I wasn't awake, not really. I was in that state when you're halfway between the waking world and the dreaming one, where you're only vaguely aware of your body at best. I couldn't move any of my limbs, I was floating in something, and my body felt… weird, but it was comfortable, so very, very, comfortable, that I didn't really care that much. I would occasionally sleep deeper into the dream state, but I never really woke up. I'm not sure how long I stayed like this, but I slowly became aware of one thing: my space was growing smaller.
This indirectly led to the discovery that I was trapped inside something. There wasn't much light, and whenever I opened my eyes everything was blurry, like I was underwater except much worse. The calm feeling I had persisted, so I wasn't truly worked up over it, but the enforced calm faded away with the passage of time, and with it, the space in my cage.

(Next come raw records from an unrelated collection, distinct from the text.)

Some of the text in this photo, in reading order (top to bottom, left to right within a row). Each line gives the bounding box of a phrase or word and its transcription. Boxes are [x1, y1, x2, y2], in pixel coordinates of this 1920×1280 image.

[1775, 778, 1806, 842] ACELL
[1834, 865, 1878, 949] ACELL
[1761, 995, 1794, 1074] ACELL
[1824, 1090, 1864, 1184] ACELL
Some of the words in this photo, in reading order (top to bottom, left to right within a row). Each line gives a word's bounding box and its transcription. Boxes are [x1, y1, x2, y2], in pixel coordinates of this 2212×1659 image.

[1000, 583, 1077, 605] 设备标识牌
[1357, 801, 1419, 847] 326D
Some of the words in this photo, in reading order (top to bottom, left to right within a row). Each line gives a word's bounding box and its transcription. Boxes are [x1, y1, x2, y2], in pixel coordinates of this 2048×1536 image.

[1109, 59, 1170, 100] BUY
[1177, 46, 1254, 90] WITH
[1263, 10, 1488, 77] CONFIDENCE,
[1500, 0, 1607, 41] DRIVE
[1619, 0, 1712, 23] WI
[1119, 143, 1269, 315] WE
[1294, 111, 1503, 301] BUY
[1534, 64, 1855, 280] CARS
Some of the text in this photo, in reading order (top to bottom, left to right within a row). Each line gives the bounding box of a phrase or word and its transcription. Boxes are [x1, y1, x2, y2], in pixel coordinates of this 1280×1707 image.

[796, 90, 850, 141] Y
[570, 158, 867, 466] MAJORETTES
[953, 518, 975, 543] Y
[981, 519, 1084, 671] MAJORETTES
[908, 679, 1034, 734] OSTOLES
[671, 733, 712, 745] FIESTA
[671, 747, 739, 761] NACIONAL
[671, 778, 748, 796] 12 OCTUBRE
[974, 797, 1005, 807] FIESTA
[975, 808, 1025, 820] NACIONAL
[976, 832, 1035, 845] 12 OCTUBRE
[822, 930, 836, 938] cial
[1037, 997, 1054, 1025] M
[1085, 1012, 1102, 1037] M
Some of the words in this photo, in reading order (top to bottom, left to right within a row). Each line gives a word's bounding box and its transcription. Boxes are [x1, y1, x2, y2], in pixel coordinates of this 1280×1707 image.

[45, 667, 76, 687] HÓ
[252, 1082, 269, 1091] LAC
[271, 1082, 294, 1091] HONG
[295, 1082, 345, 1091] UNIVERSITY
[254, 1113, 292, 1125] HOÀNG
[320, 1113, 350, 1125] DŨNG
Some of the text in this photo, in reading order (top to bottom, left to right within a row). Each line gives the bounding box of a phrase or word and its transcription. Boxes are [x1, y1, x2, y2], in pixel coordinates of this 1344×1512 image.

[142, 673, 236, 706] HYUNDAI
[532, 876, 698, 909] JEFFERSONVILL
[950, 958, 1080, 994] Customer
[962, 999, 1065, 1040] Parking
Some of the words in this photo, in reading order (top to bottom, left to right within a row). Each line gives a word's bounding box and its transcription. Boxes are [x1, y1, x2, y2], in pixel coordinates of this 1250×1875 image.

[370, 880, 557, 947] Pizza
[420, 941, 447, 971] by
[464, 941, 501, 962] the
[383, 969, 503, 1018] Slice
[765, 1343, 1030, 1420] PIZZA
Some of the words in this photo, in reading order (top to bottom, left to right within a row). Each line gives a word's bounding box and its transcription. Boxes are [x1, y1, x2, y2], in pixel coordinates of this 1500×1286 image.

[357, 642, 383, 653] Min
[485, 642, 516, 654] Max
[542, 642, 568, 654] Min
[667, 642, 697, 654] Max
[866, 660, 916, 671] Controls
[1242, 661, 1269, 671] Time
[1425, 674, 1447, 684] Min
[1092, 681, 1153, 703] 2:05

Eventually I reached a point where I was pressed against some sort of wall, and my prison was very cramped.. The panic hit me hard, and I needed out. I twisted and squirmed, for how long I do not know. Eventually, my struggle bore fruit, and I heard a crack, and a seam of light appeared near my chest. I positioned myself so that my face was near the crack, and pushed.
The egg had been abandoned in its nest which resided in a small flower. A soft crack filled the air, before a fuzzy grey head poked its way out of the shell. A small fuzzy baby bird peeked out of its cramped home to look at the world around it. The baby bird was very distressed at what it saw.
The baby bird screamed.
WHY IS EVERYTHING SO BIG?!?! WHERE AM I?!?! WHAT IS GOING ON?
The baby bird, despite just hatching, had a very impressive set of lungs. It screamed for for a whole 3 minutes before it got tired of screaming. After that, it clumsily pulled itself out of its shell and into the nest proper. The baby bird stood on unsteady legs as it figured out how to use its awkward baby body. It figured out how to stand up in only five minutes, and how to walk in only five more. After twenty minutes of strutting around (and occasionally falling) in its nest, it had basic locomotion down pat. Then another problem arose.
I am an adorable baby bird. I have no ability to fly. I am small enough to fit inside of a flower. I am alone inside of a nest, which shows no signs of having been used lately. I have no food, and no clue what I can and cannot eat. I am going to die a slow painful, death by starvation, if I don't get eaten first.
Well, no use crying about it. I wonder what's happening at home? Am I missing? Have I been wiped from everyone's memories? Did I leave the stove on? I only have answers to that last one, and pondering the rest will probably last me until I die.
Oh well. OFF TO ADVENTURE!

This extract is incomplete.